Europe’s expenditure on public cloud services is projected to surge to $171 billion in 2024 and $298 billion by 2027, the International Data Corporation (IDC) said.
The report forecasts a robust compound annual growth rate (CAGR) of 21 percent over the five-year span from 2022 to 2027. The driving force behind this growth is attributed to the burgeoning interest in Platform-as-a-Service (PaaS), fueled by the burgeoning excitement surrounding generative AI (GenAI), consequently propelling investments in cloud-based AI software services.
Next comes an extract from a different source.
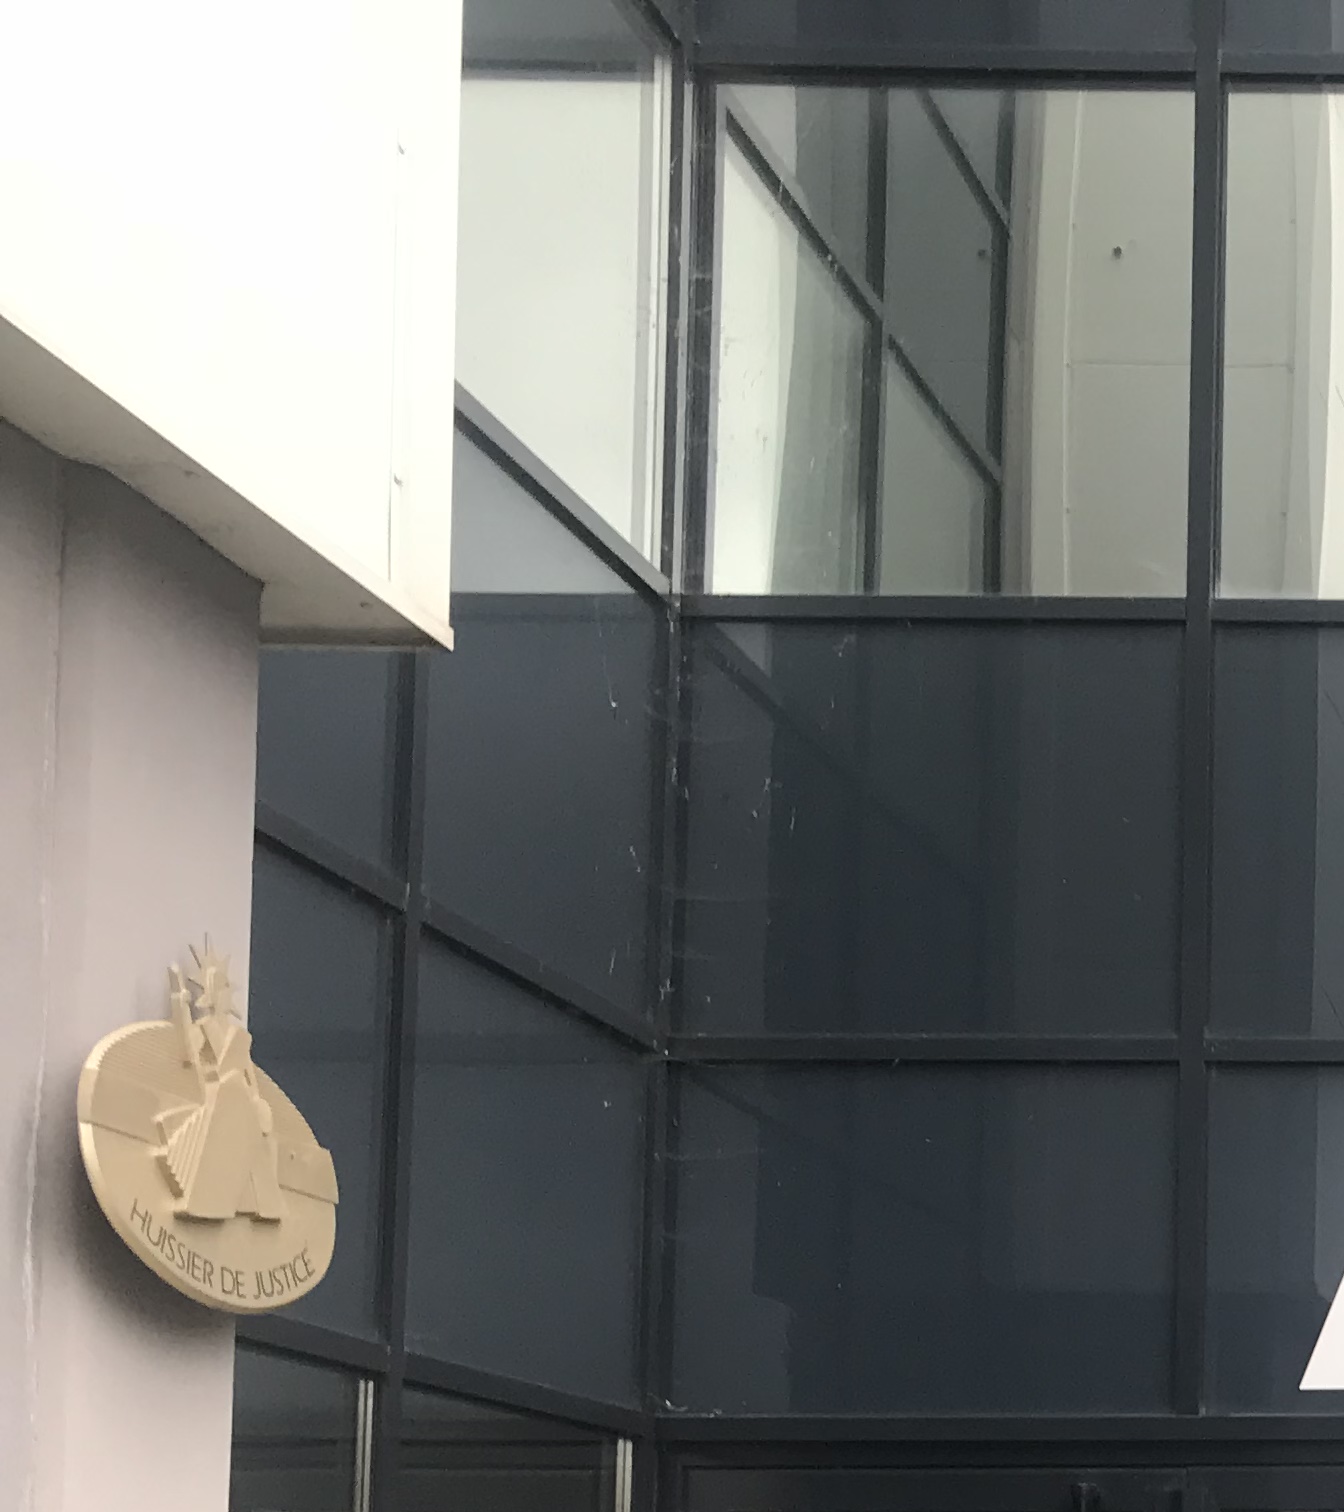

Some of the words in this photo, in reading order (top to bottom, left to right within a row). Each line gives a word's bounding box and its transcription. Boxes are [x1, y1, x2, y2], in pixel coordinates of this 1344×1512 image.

Poland is expected to lead cloud spending growth in Europe, buoyed by a more favorable economic landscape characterized by an uptick in real disposable income, mitigated inflation rates, augmented nominal wages, and heightened social benefits.
United Kingdom lags at the bottom of the list, with sluggish cloud spending growth attributed to a volatile economy, persistently higher inflation rates compared to its European counterparts, and the declaration of a recession in the latter half of 2023.
Andrea Minonne, the research manager at IDC U.K., remarked, “Despite macroeconomic challenges, cloud spending will continue to grow across all industries, supported by strong drivers such as GenAI, CloudOps, digital sovereignty, and sustainability. As the economy remains volatile, it’s important for cloud providers to stay on top of industry trends by understanding the dynamics and priorities of different vertical markets.”
The oil & gas sector emerges as one of the frontrunners in terms of cloud spending in 2024. This surge is correlated with the robust profits attained by the industry since the commencement of the conflict in Ukraine, thereby influencing the IT budgets of oil & gas companies and their capacity to execute innovation projects.
Banking, retail, and telecommunications sectors retain their positions as top spenders in public cloud services in 2024, collectively contributing to almost a third of the market’s overall value.
Looking ahead to the long term, software and information services are poised to achieve the highest value CAGR in Europe, pegged at 25 percent over the five-year horizon. Despite lingering challenges in the tech sector, GenAI emerges as a pivotal focal point driving cloud investments.
By harnessing the capabilities of GenAI, tech enterprises stand to streamline processes expeditiously and efficiently, thereby bolstering the existing workforce and facilitating a greater allocation of time toward strategic initiatives, IDC said.